A perspectiva de Bourdieu aplicada aos estudos sociológicos da educação feitos por Lahire (1998) me permitiu perceber que a questão da formação de leitura das professoras de minha pesquisa está entre a problemática que envolve língua, letramento e identidade, cujas bases residem em dinâmicas sociais fundamentais. Nessas dinâmicas sociais, os conceitos de habitus e de campos sociais (de Bourdieu) serão exploradas na análise e interpretação da ação docente, segundo a expansão de Lahire (2002, 2006) de que os habitus concretizam-se em pluralidades de esquemas e disposições para a ação, no caso específico das salas do Ciclo Básico I da escola SN, que envolvem múltiplos letramentos.

Os questionamentos que passei a fazer sobre a história de leitura das professoras orientaram a geração das narrativas em eventos de letramento, como já mencionei, e a enfocá-las como uma enunciações discursivas segundo uma sistematização que associa a “poética sociológica” de Bakhtin à teoria da prática de habitus e os campos sociais bourdieusianos, sistematizados por Williams Hanks (2008), segundo explicitei no Capítulo 2 desta tese.

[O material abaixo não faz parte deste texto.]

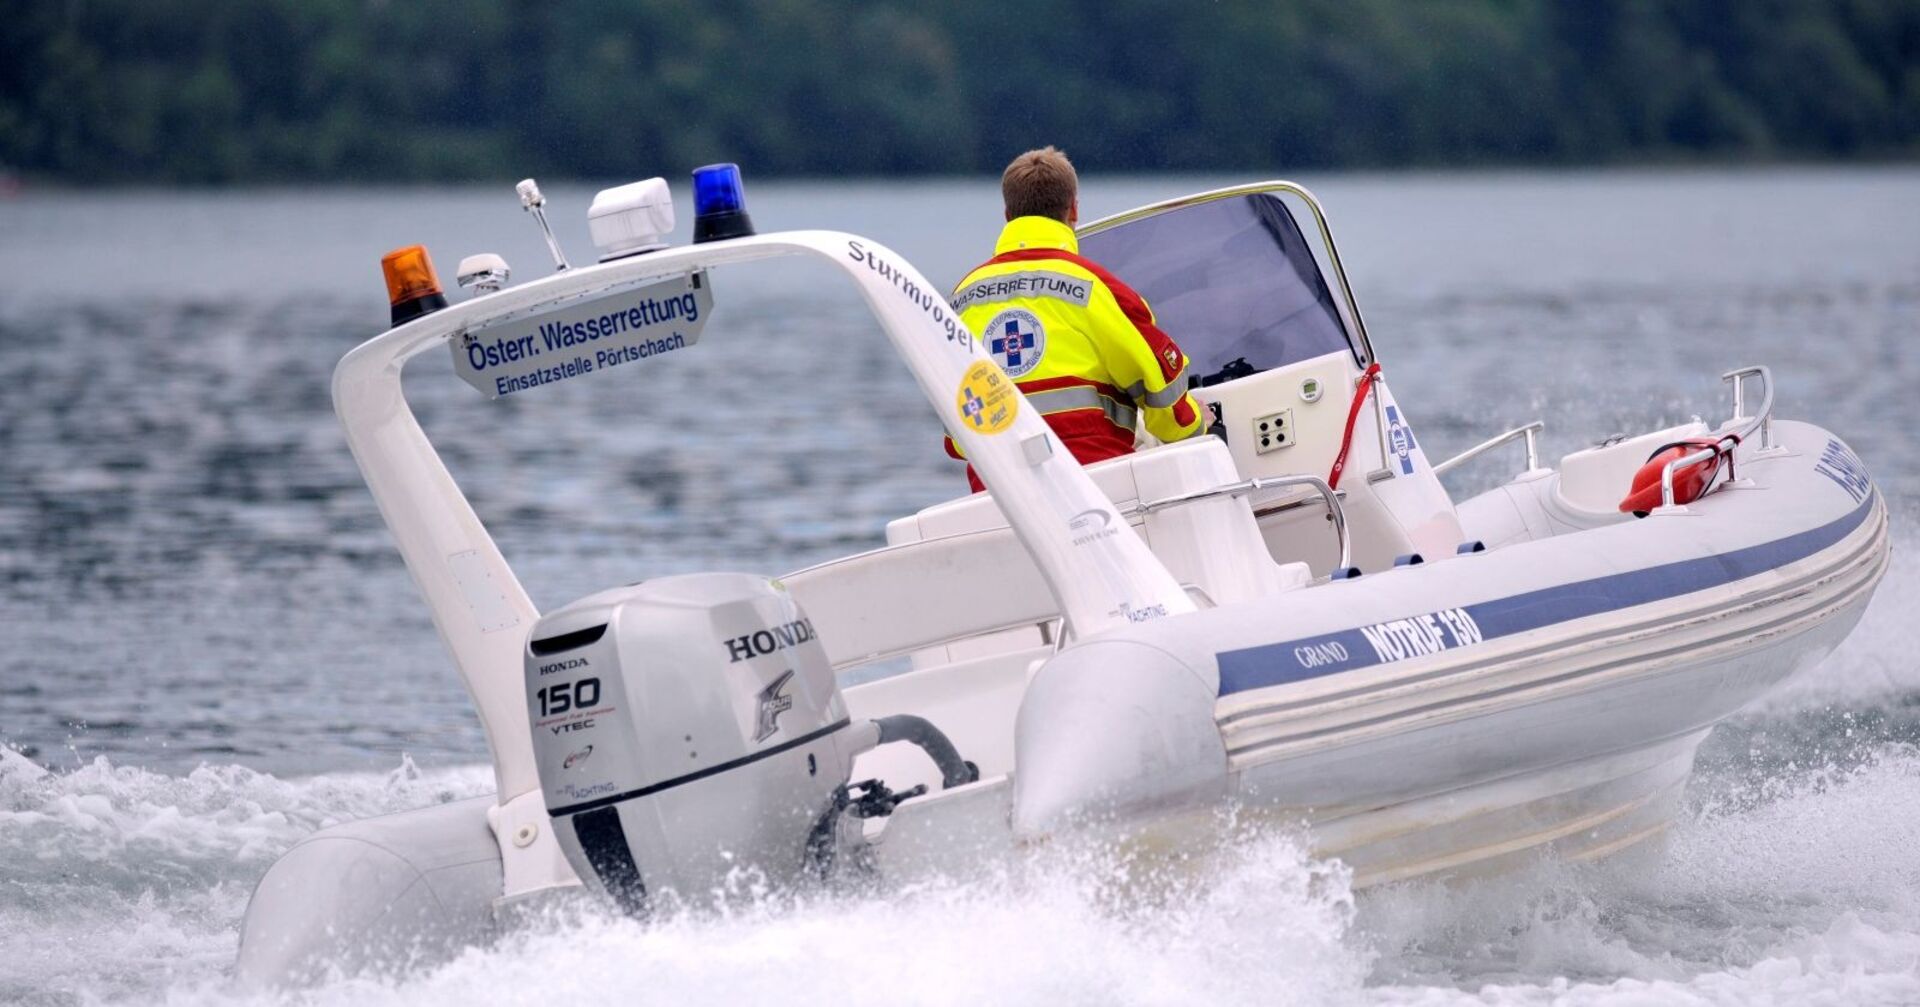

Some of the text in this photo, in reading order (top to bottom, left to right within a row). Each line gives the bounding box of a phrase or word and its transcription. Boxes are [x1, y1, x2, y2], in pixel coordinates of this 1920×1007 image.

As narrativas como eventos de letramento foram examinadas de forma a possibilitar perceber os percursos de desenvolvimento individuais e de configuração

singular das experiências de formação de leitura das professoras a partir das projeções no campo educacional que envolvam as suas formações de leitura: nos sub-campos sociais da escola, família e academia, em que a formação de leitura se constituiu historicamente, segundo a pluralidade dos esquemas disposicionais de ações, habitus, incorporados.